Mr. Harrison admits that he has been sensitive to being an American in Montreal, serving as Paul Tellier's right-hand man for five years, after CN acquired Illinois Central Railroad Co. in 1998 before taking over as CEO in 2003.

“Paul Tellier and I used to joke about this. We would cross the border for visits. He went south and I went north. He got to Jackson, Mississippi, and they'd have the red carpet out, catfish and fried chicken. They didn't have any red carpet out for me here, and I don't know if it was me, or if Paul was just so charming,” Mr. Harrison says with a laugh.

He pokes fun at his own attempts at speaking French, even trying, “Bonjour, y'all,” as a greeting in New York.

As the time draws closer to pack up the trusty golf putter he keeps in his office, he says he will be only a phone call away should Mr. Mongeau feel the need to ring. Gone, however, will be the Hunter camps – retreats where Mr. Harrison could easily speak for two hours without any text about the importance of railroading.

“If there are going to be camps, there will be Claude camps. There will be things that he will want to put his touch on. If you want to be a good leader, you got to make tracks of your own,” Mr.

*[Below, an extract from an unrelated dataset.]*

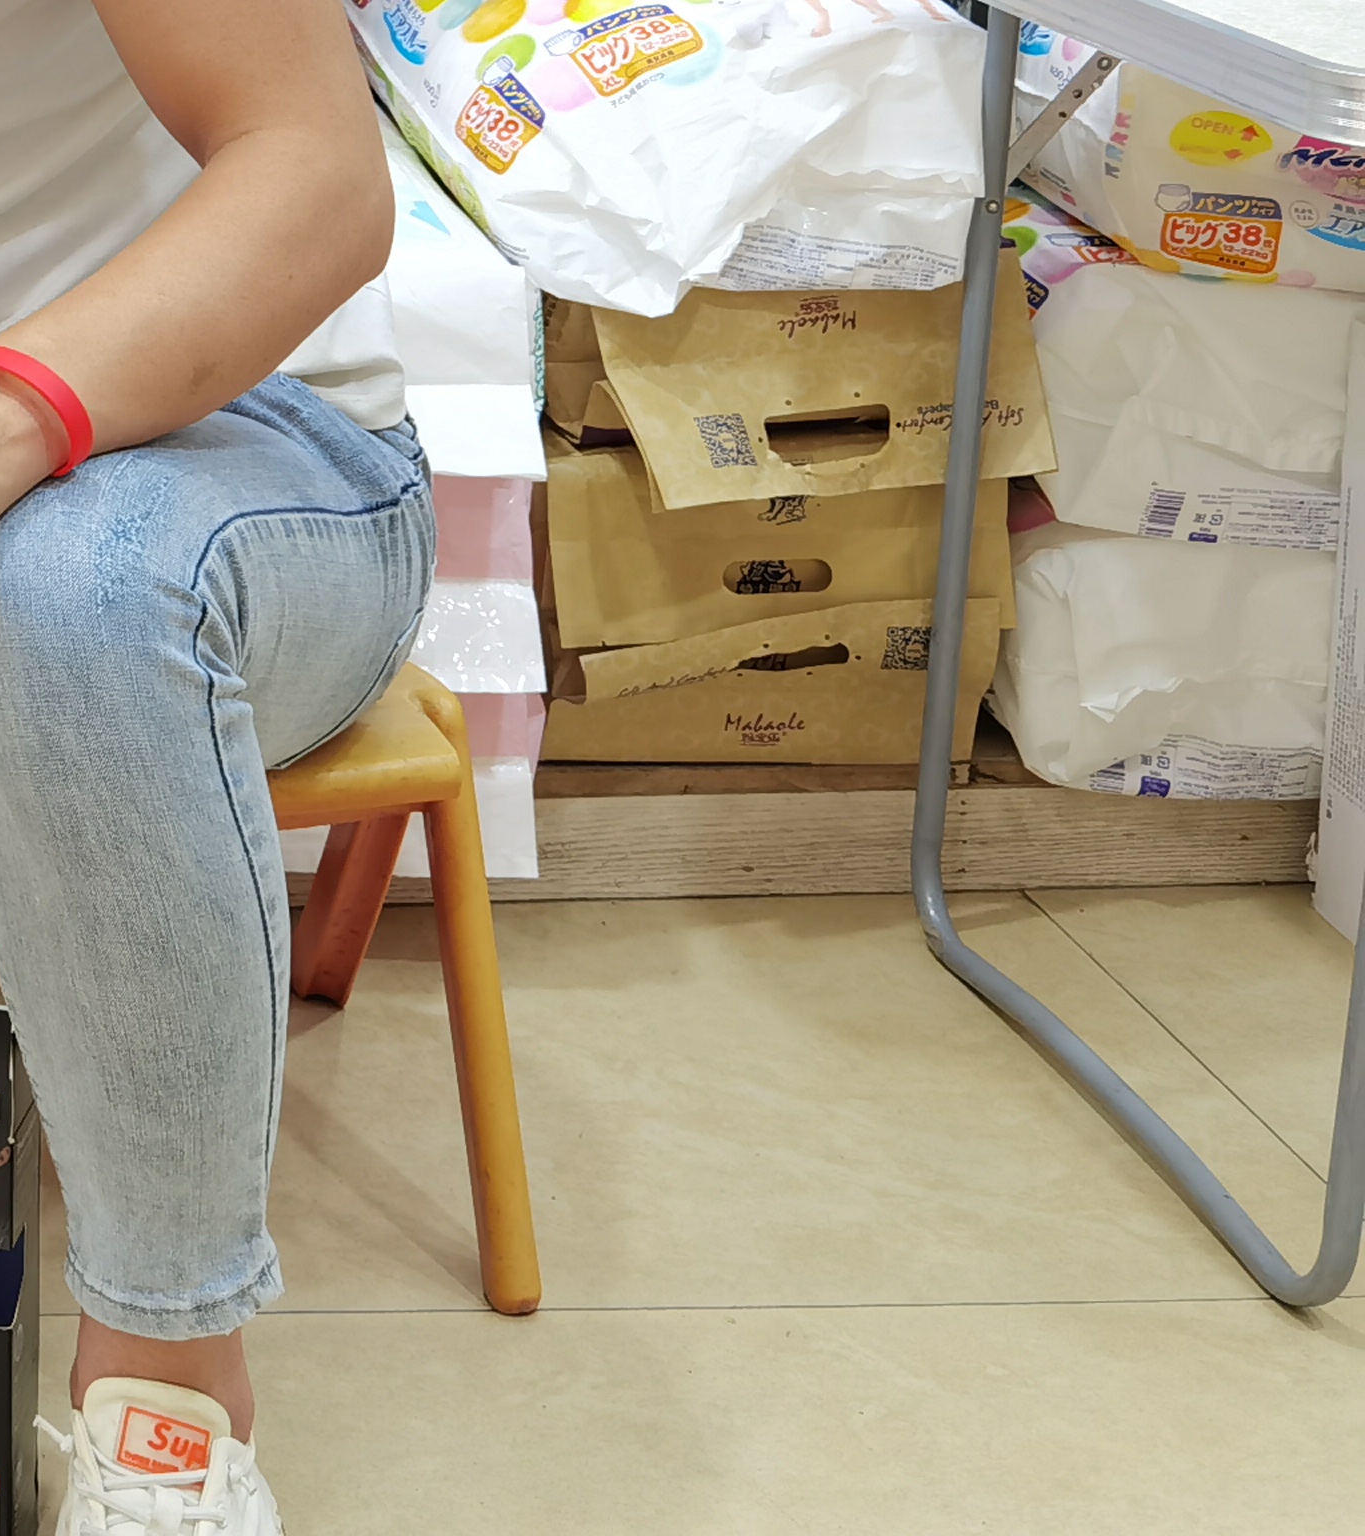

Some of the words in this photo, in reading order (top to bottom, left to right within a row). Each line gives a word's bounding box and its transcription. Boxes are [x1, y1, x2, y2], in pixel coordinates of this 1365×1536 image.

[1191, 116, 1235, 136] OPEN
[1169, 217, 1220, 247] ビッグ
[1223, 222, 1262, 246] 38
[724, 712, 806, 732] Mabaole

Harrison says.

“I'm going to take a breather. I'm not going to do anything on a rebound. I'm going to take some time off and reflect. I'm trying to do some charitable work in Ridgefield in Connecticut. I might sit on a board, but I'm not going to be a professional board member. People have approached me about doing a couple of books on leadership. So, it's time for me to move on.”

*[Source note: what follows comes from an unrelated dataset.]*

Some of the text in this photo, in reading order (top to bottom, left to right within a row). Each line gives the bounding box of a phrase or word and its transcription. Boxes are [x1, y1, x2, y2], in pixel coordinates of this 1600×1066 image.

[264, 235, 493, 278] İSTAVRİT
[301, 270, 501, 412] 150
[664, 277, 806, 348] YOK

I guess that the Goober and Maul didn't get the memo from Texas that it is CN now and not Canadian National Railway Co. Then again, maybe the Globe and Mail is trying to leave unsaid that there is nothing Canadian about CN anymore, anymore than BC Rail has much to do with or FOR British Columbia.

Here we have a guy from Tennessee, who still has his Tennessee drawl, but has been successful enough to move to Connecticut, the state represented in the Senate by the Senator from Israel Joe Liarberman. I saw old lying Joe excercising restraint on the news yesterday as he stated he "didn't want to blame Canada" but he wished they had as much H1N1 vaccine done there in Yankee Doodle Land as we do - if I had the time I would be perfectly happy to travel to Conn. and shoot him full of vaccine, especially if there was lots of mercury in it.

But where does Lord Gord's buddy Mac or McLean fit into the CN executive structure - or did he retire with his bonuses he likely got from stealing our railroad?
"Bonjour, y'all."

Jeez, you've got to be kidding.

I used to work on the 13th floor of that building in the engineering and design department...in those days, we called installations and facilities by 'location' names (Port Mann yards for example) and not in honour of anybody...too bad they didn't re-name the CN tower as the Hunter Harrison erection.

I think you got it, G ...

and the most significant detail in that whole news report is

the photo of H.H.

Perhaps we will be fortunate enough to see a new epidemic in the very near future....you know the one where rich older corp execs (thieves) end up drowned in their swimming pool.
Anon 12:33,

That's a bit harsh, isn't it?
Better than them drowning us in debt for their profits and pleasures.